00:12:13.480 Let's transition to the topic of language—the technique that specifically handles linguistic tasks. Consider word representation where we create a chart to categorize words based on their attributes, like cuteness and speed.
00:12:55.560 As we organize words in this multi-dimensional space—like a cute but slow sloth versus a fast but less cute airplane—we can establish coordinates that conceptualize words as numerical arrays known as word embeddings. This idea is powerful because it helps us perceive how meaning is defined in relation to multiple attributes.
00:14:18.160 When generating text—such as utilizing Charles Darwin's 'On the Origin of Species'—we can train the neural network with sequences of words, masked at certain junctures, to let the network predict missing words. This provides abundant training material without needing specific examples, as we can slide our window to garner numerous instances of word pairings.
00:15:35.560 However, predicting the next word can be intricate, as it’s hard for the model to ascertain the possibilities. Even with extensive vocabulary, it may struggle to suggest the right word accurately. An important part of this process involves an embedding matrix that represents the vocabulary, where each row symbolizes a word's embedding in a high-dimensional space.
00:16:54.439 As we train this model, we continually adjust the embeddings while refining the neural network’s predictions.
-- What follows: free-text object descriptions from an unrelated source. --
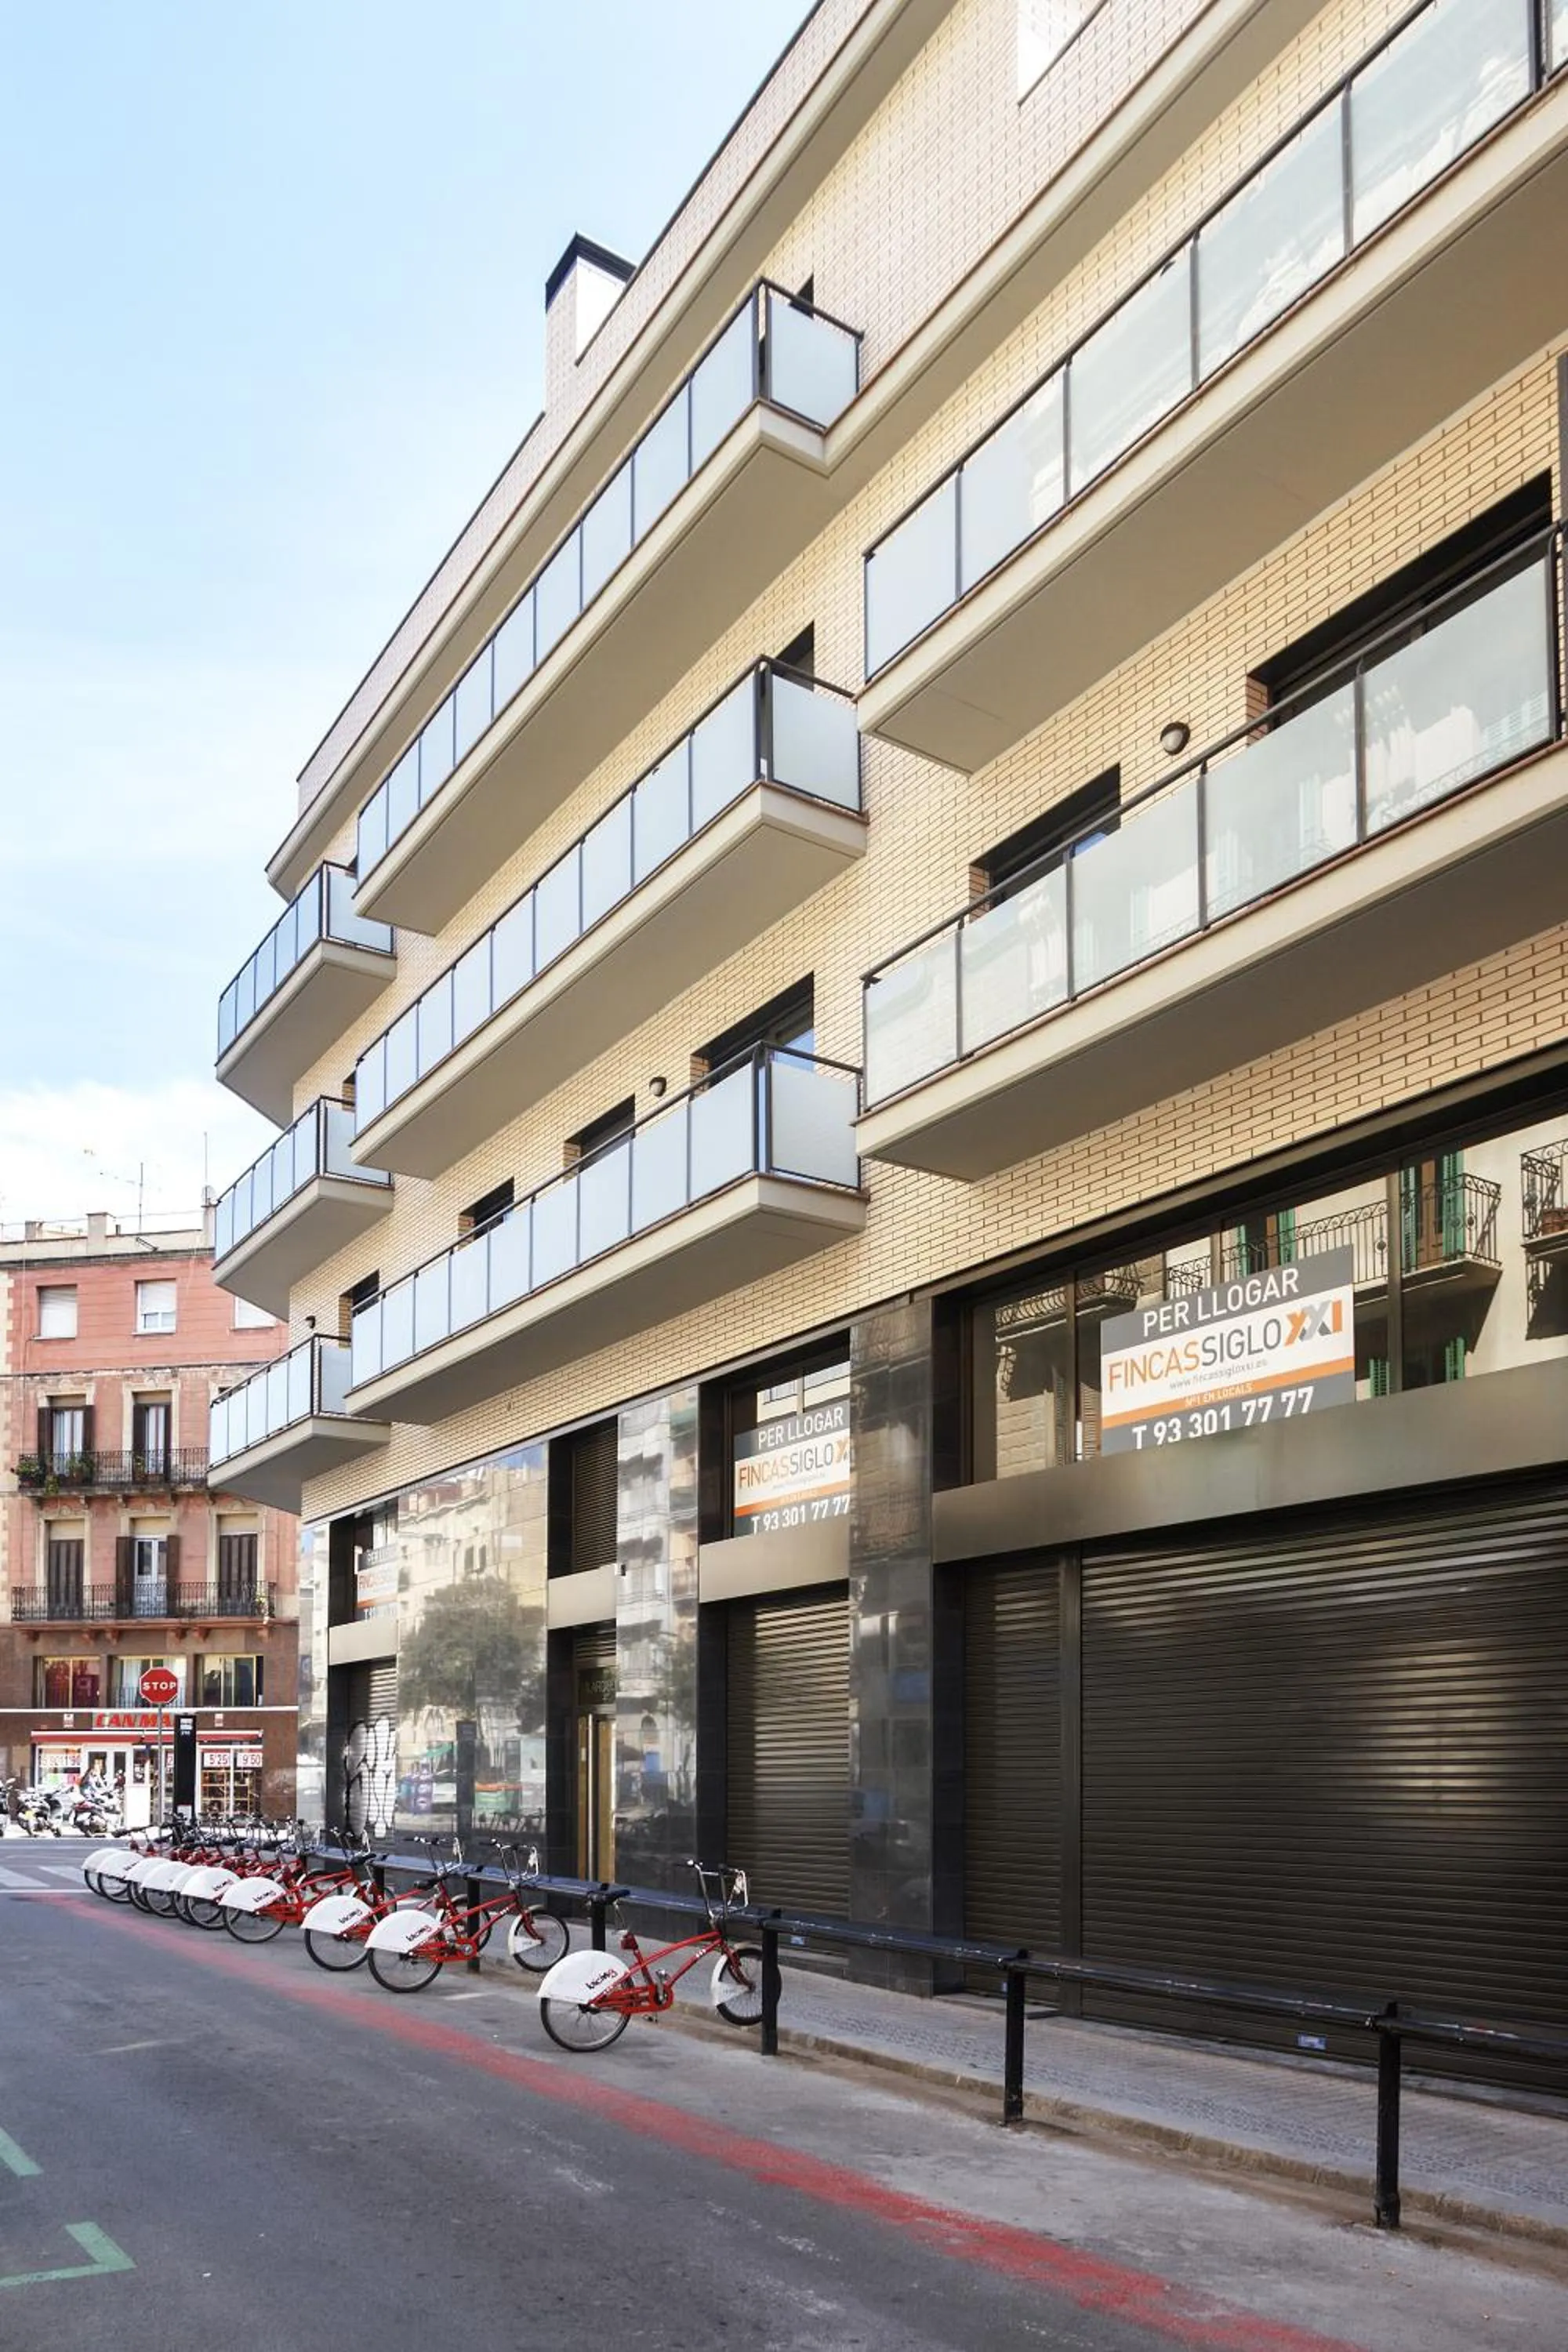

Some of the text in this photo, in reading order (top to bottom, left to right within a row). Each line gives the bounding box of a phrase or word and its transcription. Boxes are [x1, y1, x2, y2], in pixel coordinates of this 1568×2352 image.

[1143, 1268, 1299, 1337] PER LLOGAR
[1217, 1381, 1254, 1398] LOCALS
[758, 1406, 844, 1450] PER LLOGAR
[1131, 1385, 1314, 1450] T 93 301 77 77
[750, 1515, 761, 1536] T
[764, 1510, 779, 1531] 93
[782, 1504, 806, 1528] 301
[811, 1498, 829, 1520] 77
[833, 1494, 850, 1516] 77
[142, 1681, 176, 1691] STOP
Over time, we expect similar context words to share similar embeddings. Such a training structure allows us to leverage the language model's capacities without explicitly defining word meanings.
00:18:11.800 Eventually, we observe the emergence of patterns within the matrix as certain semantics thread through the word embeddings, anchoring relationships like those between 'man,' 'woman,' 'boy,' and 'girl' visually. This illustrates how geometry plays into representational learning, revealing correlations without direct instruction.
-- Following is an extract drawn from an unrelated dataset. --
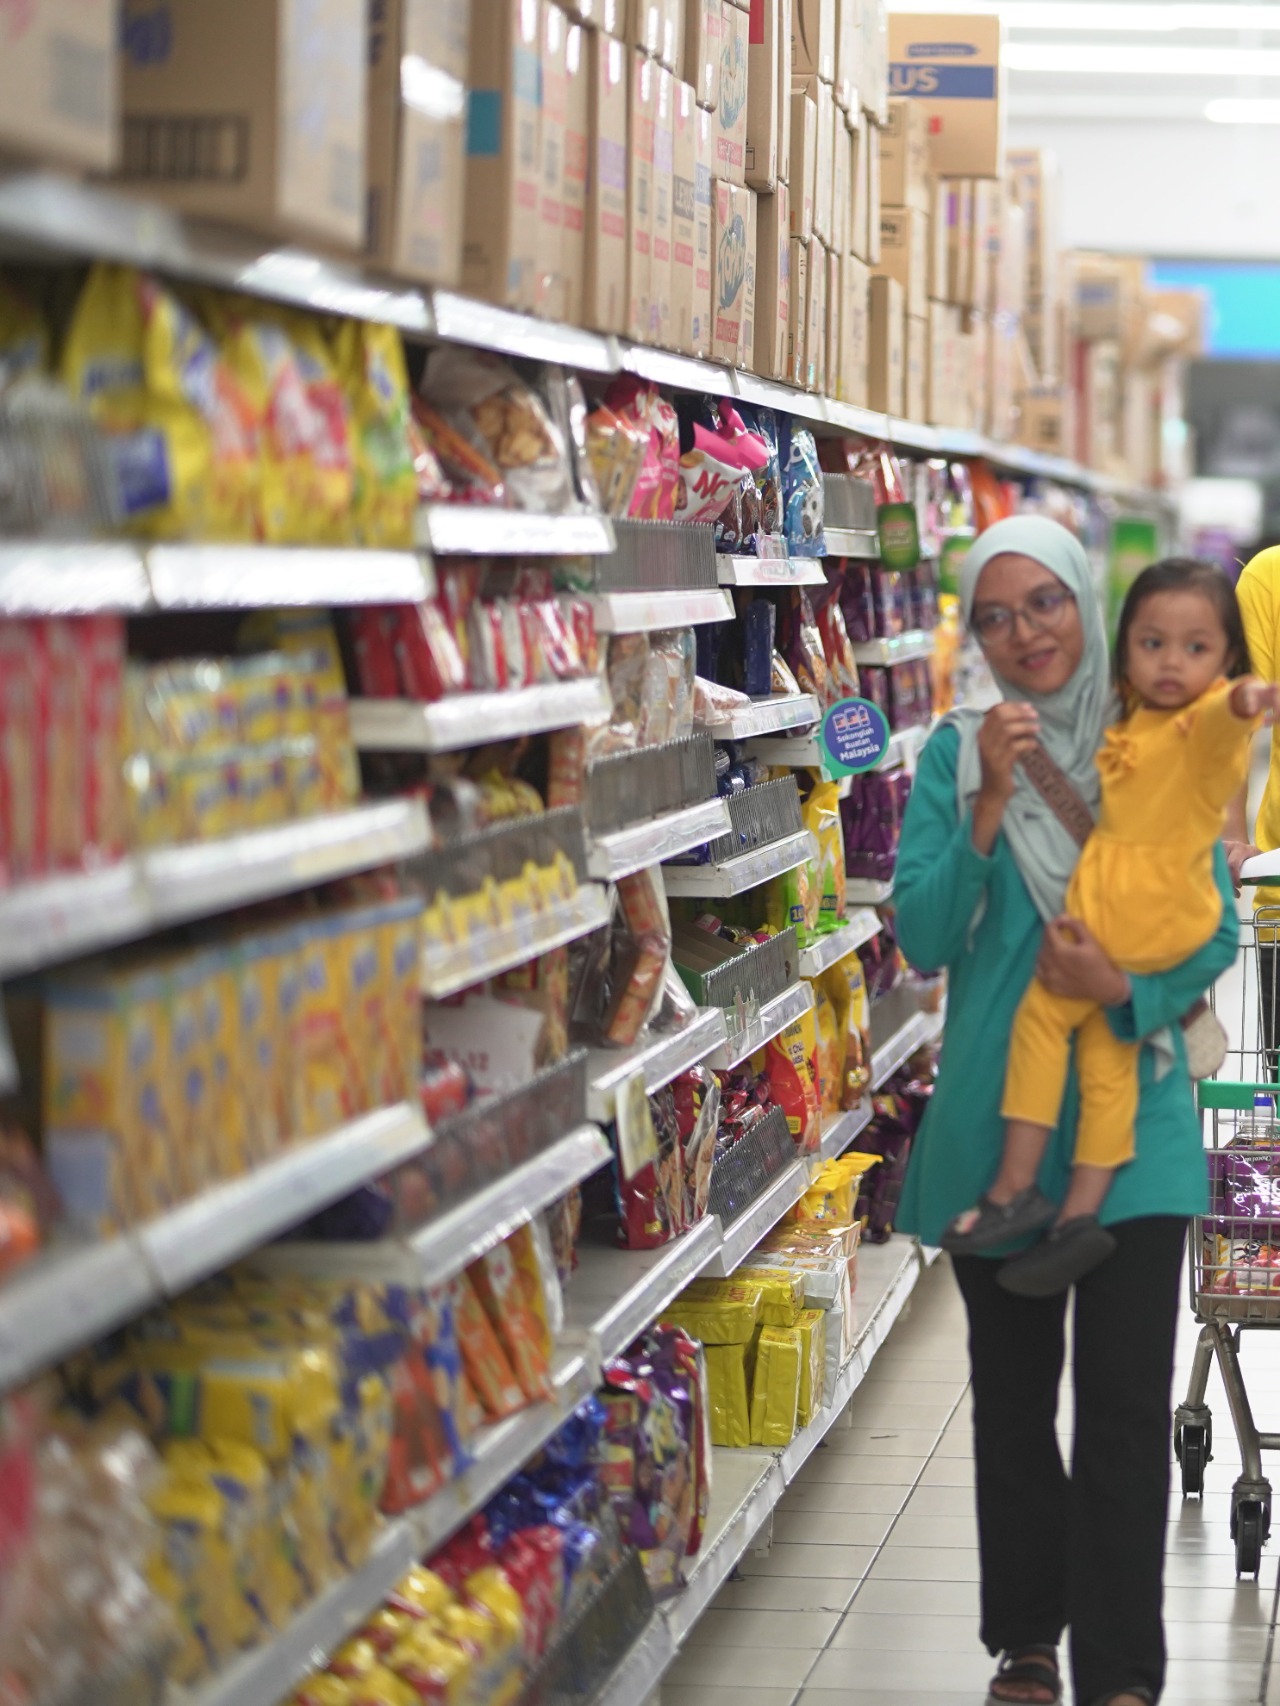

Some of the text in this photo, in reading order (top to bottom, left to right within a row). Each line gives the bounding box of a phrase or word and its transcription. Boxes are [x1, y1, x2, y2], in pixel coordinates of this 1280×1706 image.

[836, 727, 874, 743] Sokonglah
[844, 738, 871, 750] Buatan
[840, 744, 880, 761] Malaysia
00:19:39.839 Now that we’ve discussed individual words, we must emphasize that the true challenge comes with sentences. Understanding sentences mandates discerning their hierarchical structure and implicit meanings, resulting in nuanced interpretations. To address this, neural networks develop a framework to ascertain the interrelations between words in context.
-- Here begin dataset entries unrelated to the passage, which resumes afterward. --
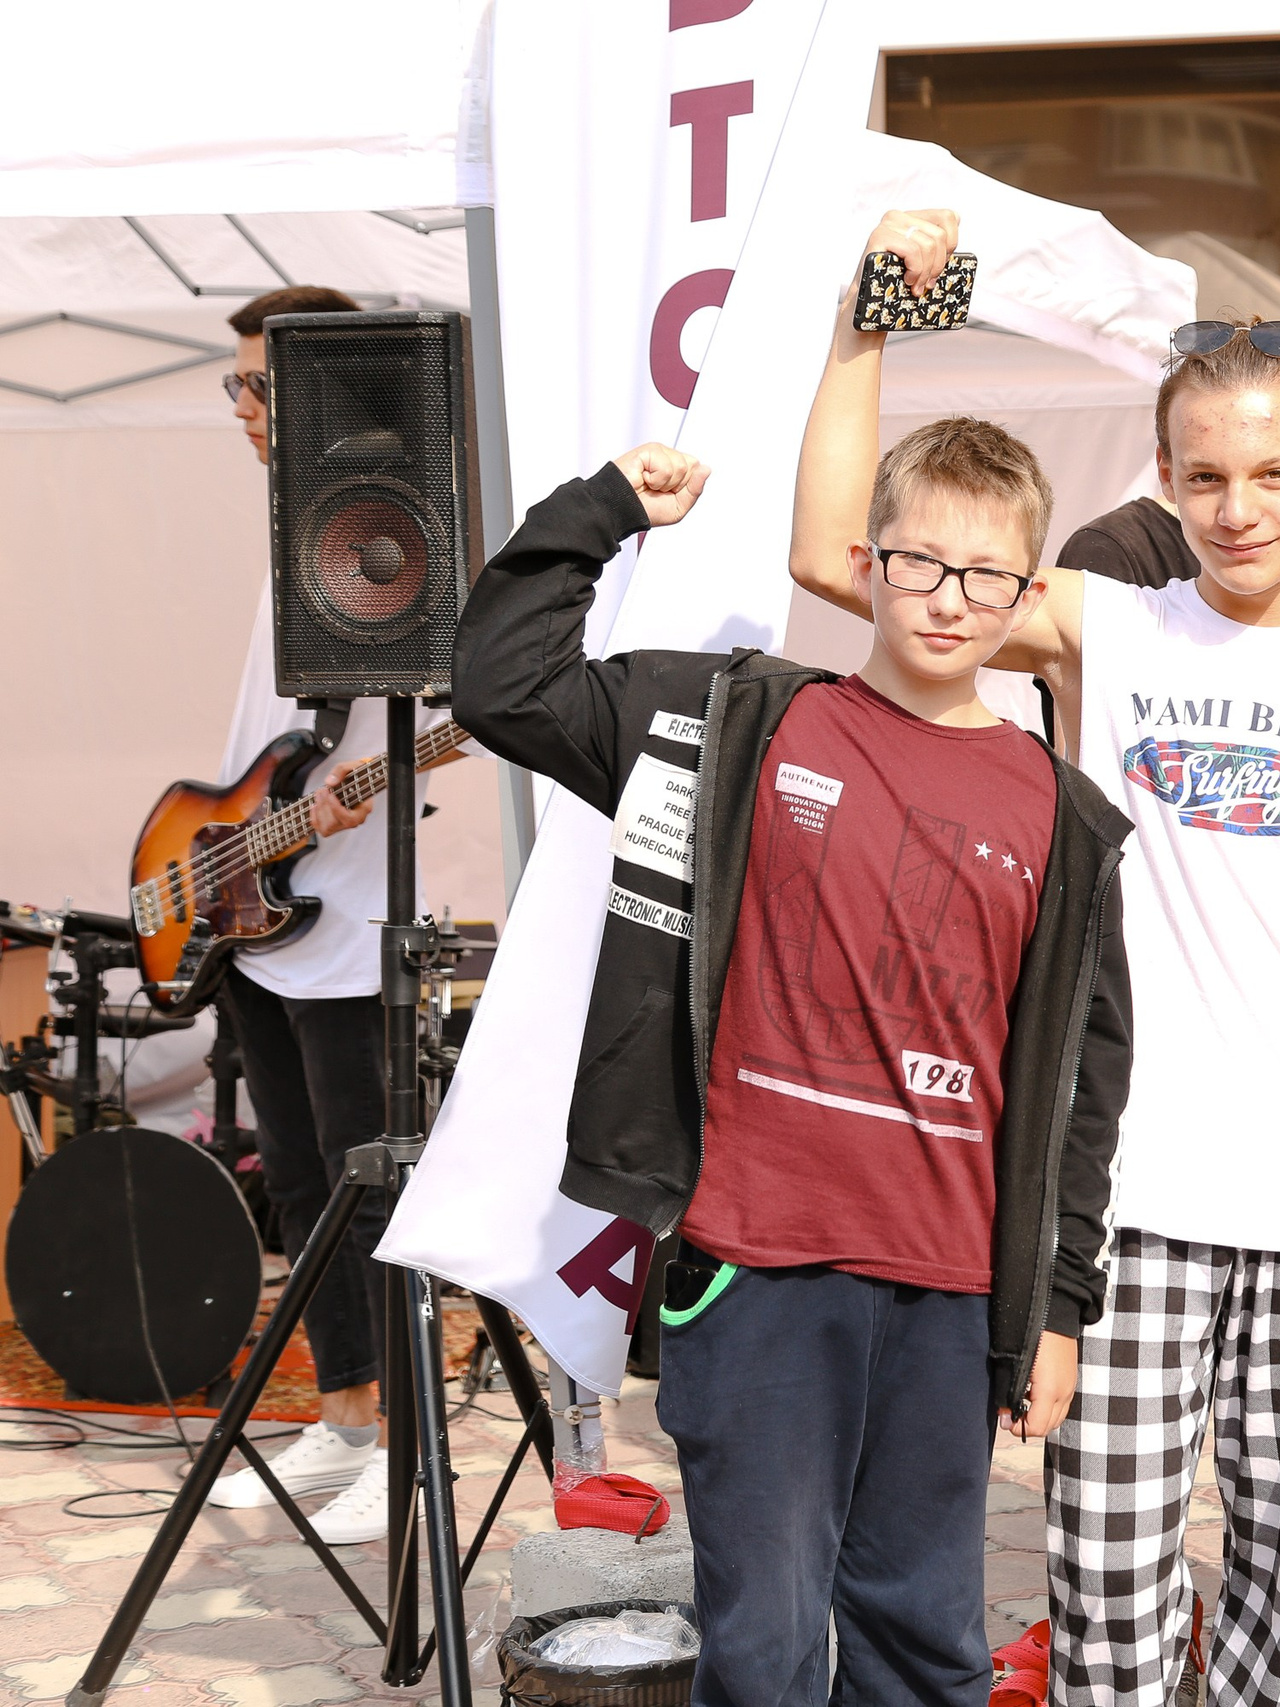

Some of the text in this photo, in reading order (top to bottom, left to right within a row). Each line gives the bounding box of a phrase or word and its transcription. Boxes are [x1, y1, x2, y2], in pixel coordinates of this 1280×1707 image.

[665, 780, 695, 800] DARK
[780, 771, 836, 794] AUTHENIC
[663, 802, 692, 820] FREE
[781, 794, 829, 813] INNOVATION
[788, 805, 826, 822] APPAREL
[793, 815, 825, 830] DESIGN
[637, 814, 686, 841] PRAGUE
[624, 830, 690, 864] HUREICANE
00:20:41.440 They utilize structures like queries, keys, and values in what's called ‘attention mechanisms’ to sift through sentence elements. These attention heads help identify the significance of words conditional on underlying queries, which may encompass numerous layers of syntactical and contextual analyses.
00:21:40.320 As immersed sentences are processed through multiple attention heads, it becomes possible to distill down ideas and relationships, allowing models to capture intricate connections present in natural language.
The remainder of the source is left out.